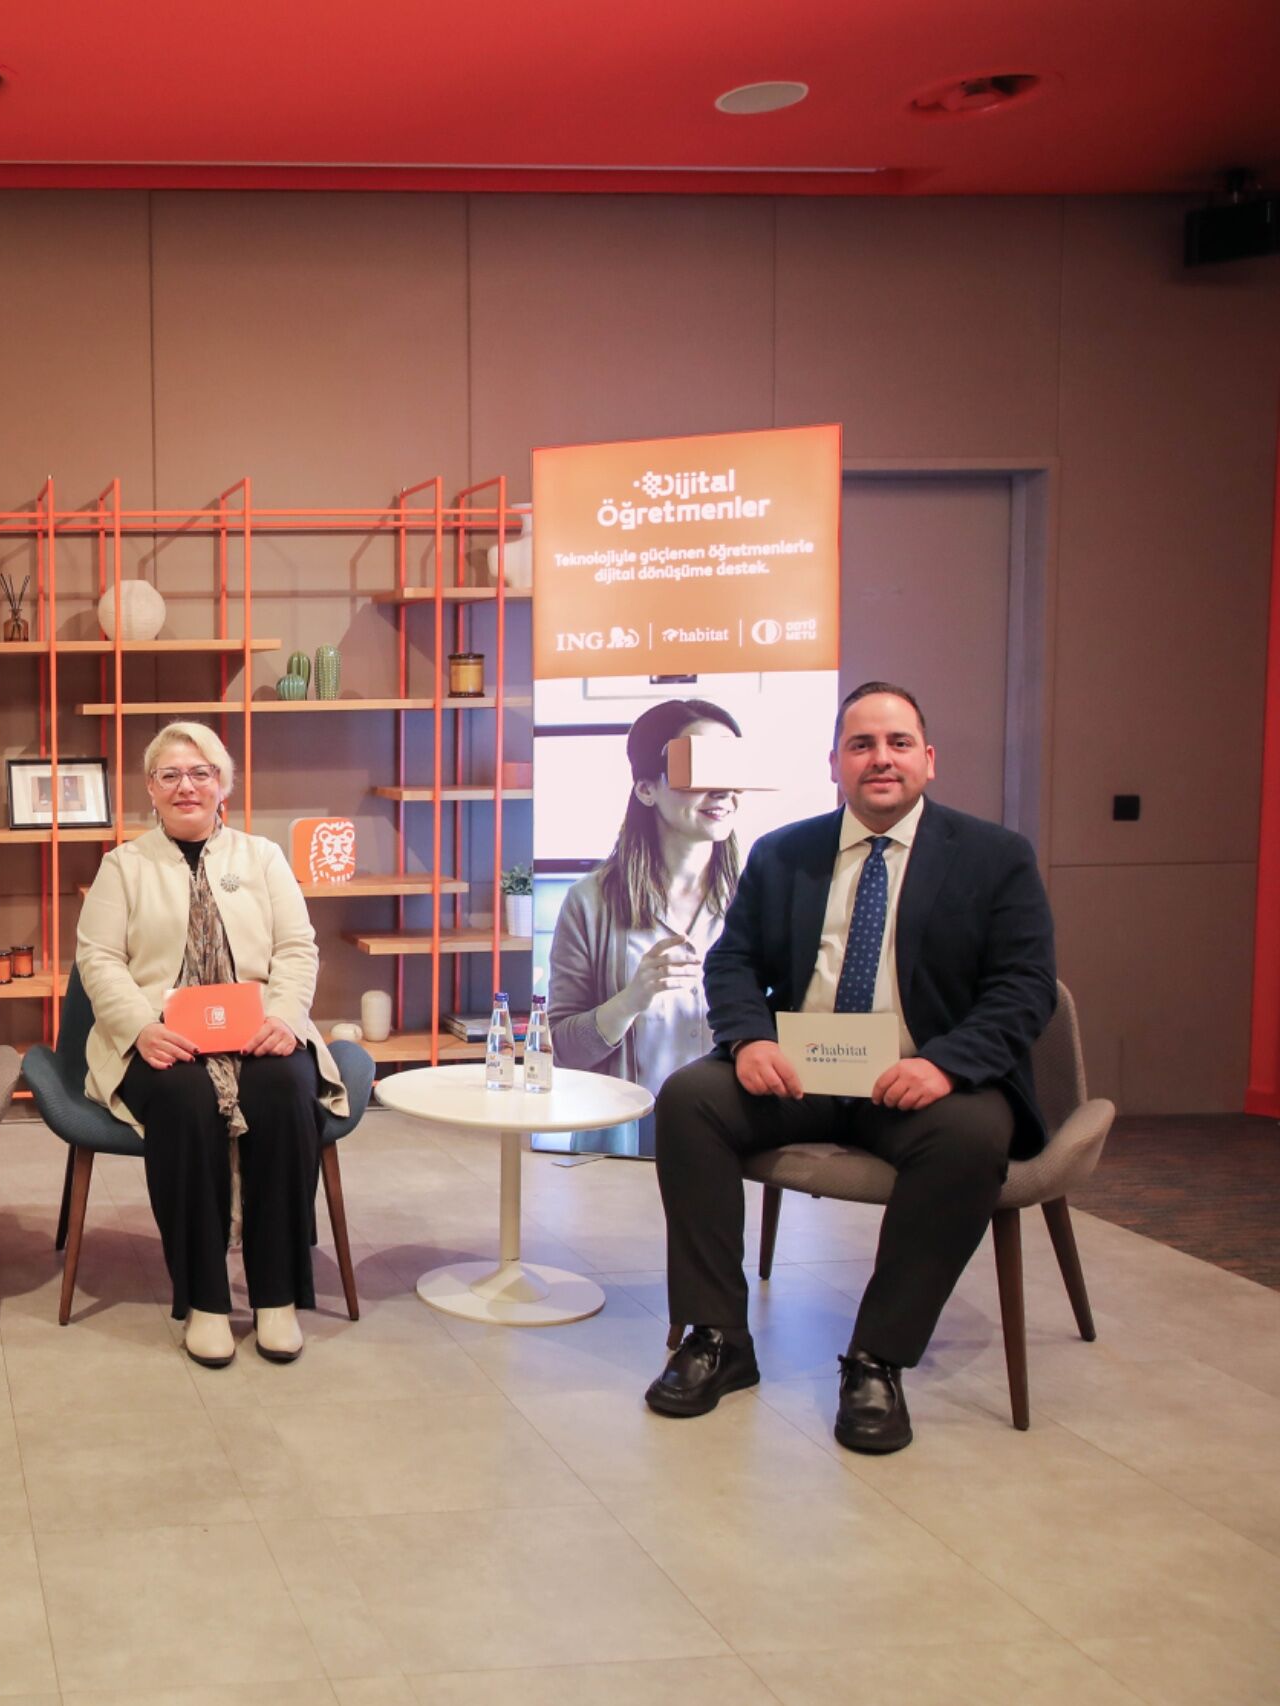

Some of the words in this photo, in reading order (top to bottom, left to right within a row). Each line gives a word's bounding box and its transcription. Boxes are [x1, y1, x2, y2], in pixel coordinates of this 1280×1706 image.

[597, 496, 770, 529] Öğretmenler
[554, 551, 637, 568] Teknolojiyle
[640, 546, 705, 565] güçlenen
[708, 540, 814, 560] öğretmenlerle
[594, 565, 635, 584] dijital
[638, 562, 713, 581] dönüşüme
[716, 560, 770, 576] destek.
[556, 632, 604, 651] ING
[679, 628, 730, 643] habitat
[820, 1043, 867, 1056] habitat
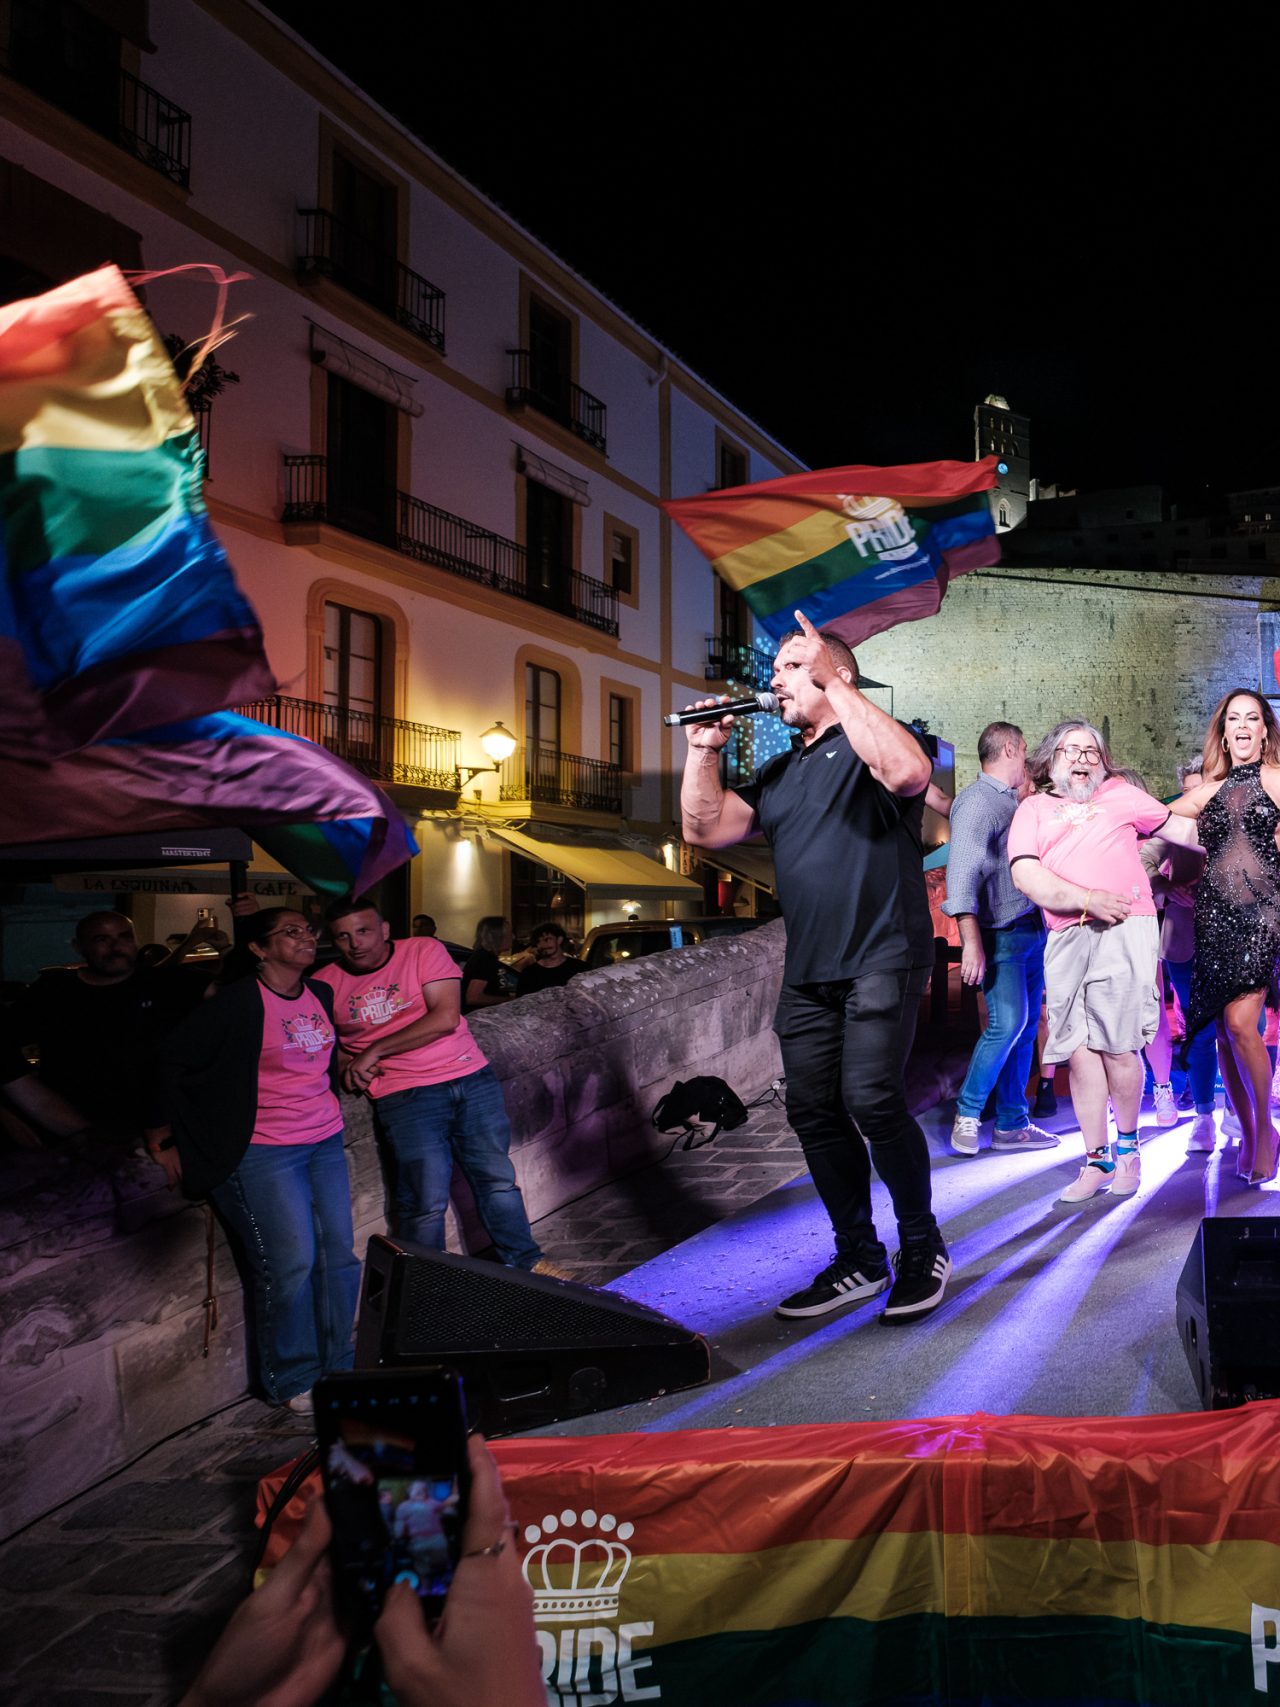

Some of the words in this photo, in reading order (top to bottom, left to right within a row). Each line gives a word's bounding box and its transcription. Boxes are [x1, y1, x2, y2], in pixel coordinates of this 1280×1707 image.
-*-
Exercise description → Every line above is to be duplicated exactly; no picture should be carried over.

Response area →
Some of the words in this photo, in reading order (top to bottom, left to right within a row). Each line gives a word's bounding box and its transcription. Boxes are [x1, y1, x2, y2], in pixel coordinates of this 1280×1706 image.

[597, 496, 770, 529] Öğretmenler
[554, 551, 637, 568] Teknolojiyle
[640, 546, 705, 565] güçlenen
[708, 540, 814, 560] öğretmenlerle
[594, 565, 635, 584] dijital
[638, 562, 713, 581] dönüşüme
[716, 560, 770, 576] destek.
[556, 632, 604, 651] ING
[679, 628, 730, 643] habitat
[820, 1043, 867, 1056] habitat

Some of the words in this photo, in reading order (top to bottom, left to right within a row). Each line gives a word's bounding box and its transcription. Boxes are [x1, y1, x2, y2], in pixel coordinates of this 1280×1707 image.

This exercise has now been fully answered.